La salada evolución de un clásico

Begoña Rodríguez Sotelino
b. r. sotelino VIGO / LA VOZ

FIRMAS

M. MORALEJO

Rogelio y Guillermo Sobrino Baeza continúan la tradición familiar relevando a sus padres

17 mar 2013 . Actualizado a las 06:00 h.

Los vigueses de toda la vida no se olvidan de uno de los establecimientos míticos de la calle del Príncipe: la pastelería Las Colonias, que ocupaba un amplio y hermoso local en la milla de oro de la ciudad en el que desde hace ya unos años se asienta una de las franquicias de moda que copan la vía peatonal. Pero en otros tiempos en que Príncipe no era una calle tan volcada en el deporte del shopping, había que hacer una parada (no obligada, pero sí muy deseada) para reponer fuerzas. Varias generaciones entraron por la puerta de aquel establecimiento que tantos paladares satisfechos dejó. Allí se formó de adolescente Rogelio Sobrino, que años más tarde se independizó montando su propio negocio en compañía de su mujer, Dolores Baeza.

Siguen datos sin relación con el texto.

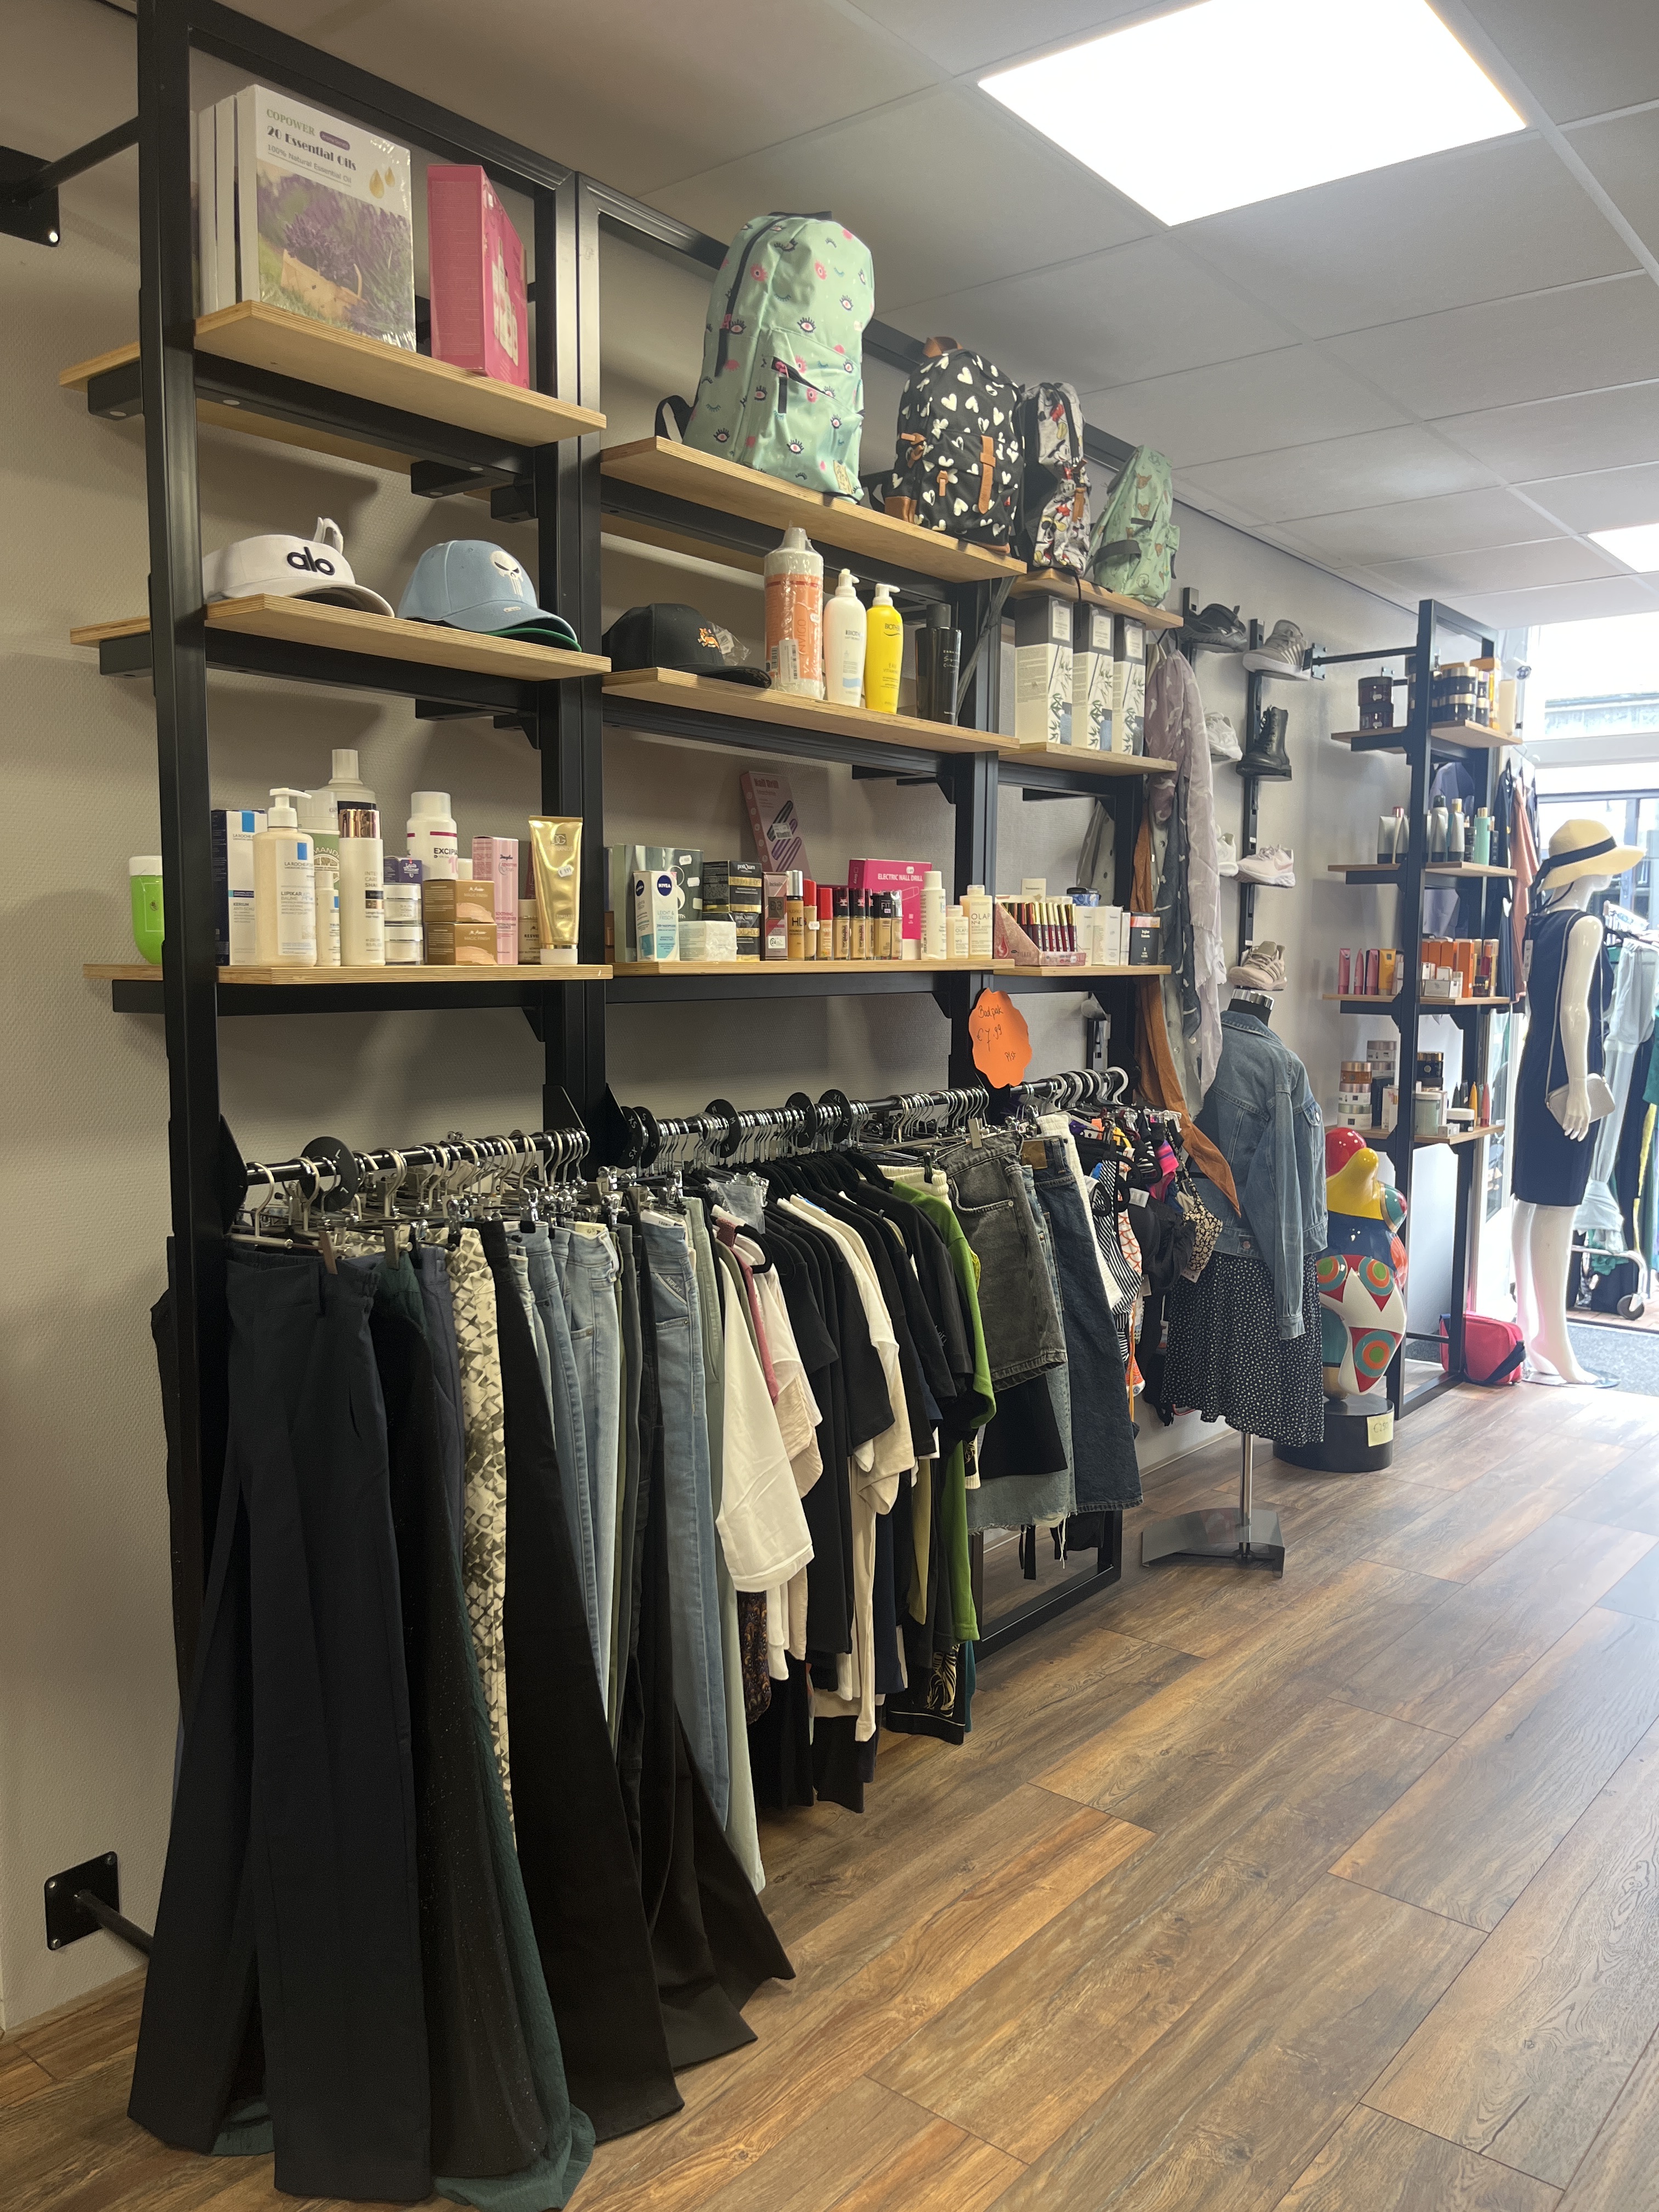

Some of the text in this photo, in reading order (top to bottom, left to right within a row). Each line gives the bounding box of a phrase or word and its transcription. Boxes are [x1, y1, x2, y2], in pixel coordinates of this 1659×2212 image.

Al jubilarse, dos de sus seis hijos, Rogelio y Guillermo, les relevaron al frente del local. «Las Colonias lo abrieron los tíos de mi padre, Pura Sobrino y José Virgili y en su momento rompió moldes, introduciendo una parte de charcutería y bombonería. Se dice que Franco venía desde Ferrol para llevarse de allí los pedidos», cuenta Guillermo. Después de retirarse su madre, él fue el último en sumarse como gestor al proyecto en el año 2000, tras acabar la carrera de Filología y ver en la empresa familiar una salida laboral con futuro que además conocía bien, ya que como el resto de sus hermanos, pasó allí muchas horas de su infancia echando una mano». Su hermano Rogelio, al que llaman Roi, lo tuvo más claro mucho antes y ya se formó desde muy joven al lado de su padre en el obrador para más tarde completar su formación con maestros pasteleros en diferentes ciudades.

Los hermanos Sobrino dirigen su pastelería siguiendo la pauta básica que heredaron de sus padres, la apuesta por la calidad, pero añadiendo de su propia cosecha para poder competir en el mercado, la introducción de productos elaborados que los diferencian de los demás. Por ejemplo, una carta donde no falta el dulce pero tampoco se olvida del salado, con el que solventan la hora de la comida de cientos de clientes de la zona y, de más lejos una vez que prueban exquisiteces que no se encuentran en ningún sitio, como la coca de berenjena, cebolla, pimiento y tomate, la pizza de queso con rúcula, nuez y cebolla caramelizada o el hojaldre de tomate y tres quesos. «Es que una empanada la tienes en cualquier sitio. Lo nuestro, no», razona. Además, añade el profesional, «hay que estar atentos a lo que demanda el mercado».

Todo artesano

Guillermo insiste también en recordar el principal pilar de la empresa: «El nuestro es un negocio artesano, se compra la materia prima, se elabora aquí y se vende el producto acabado. Todo el sector tiende hacia la pastelería industrial, nosotros lo hacemos todo. No vendemos ni una chocolatina que no sea nuestra», afirma. Las galletas, muy originales por su decoración basada en atractivos personajes para los niños, o las tejas de chocolate, una de sus especialidades, se hacen diariamente en su obrador.

Por otra parte, desde el año 2006 han ampliado el negocio con un servicio de cátering para todo tipo de eventos que elaboran en un local de 120 metros cuadrados en Bouzas.

El gerente cuenta que aunque Francia sigue marcando las tendencias en cuanto a pastelería de alto nivel, la diferencia ya no es tanta como la que había todavía hace unos años. Además, la actualización y la formación se completa con viajes y cursos de los que se traen las últimas novedades en el mundo de la confitería.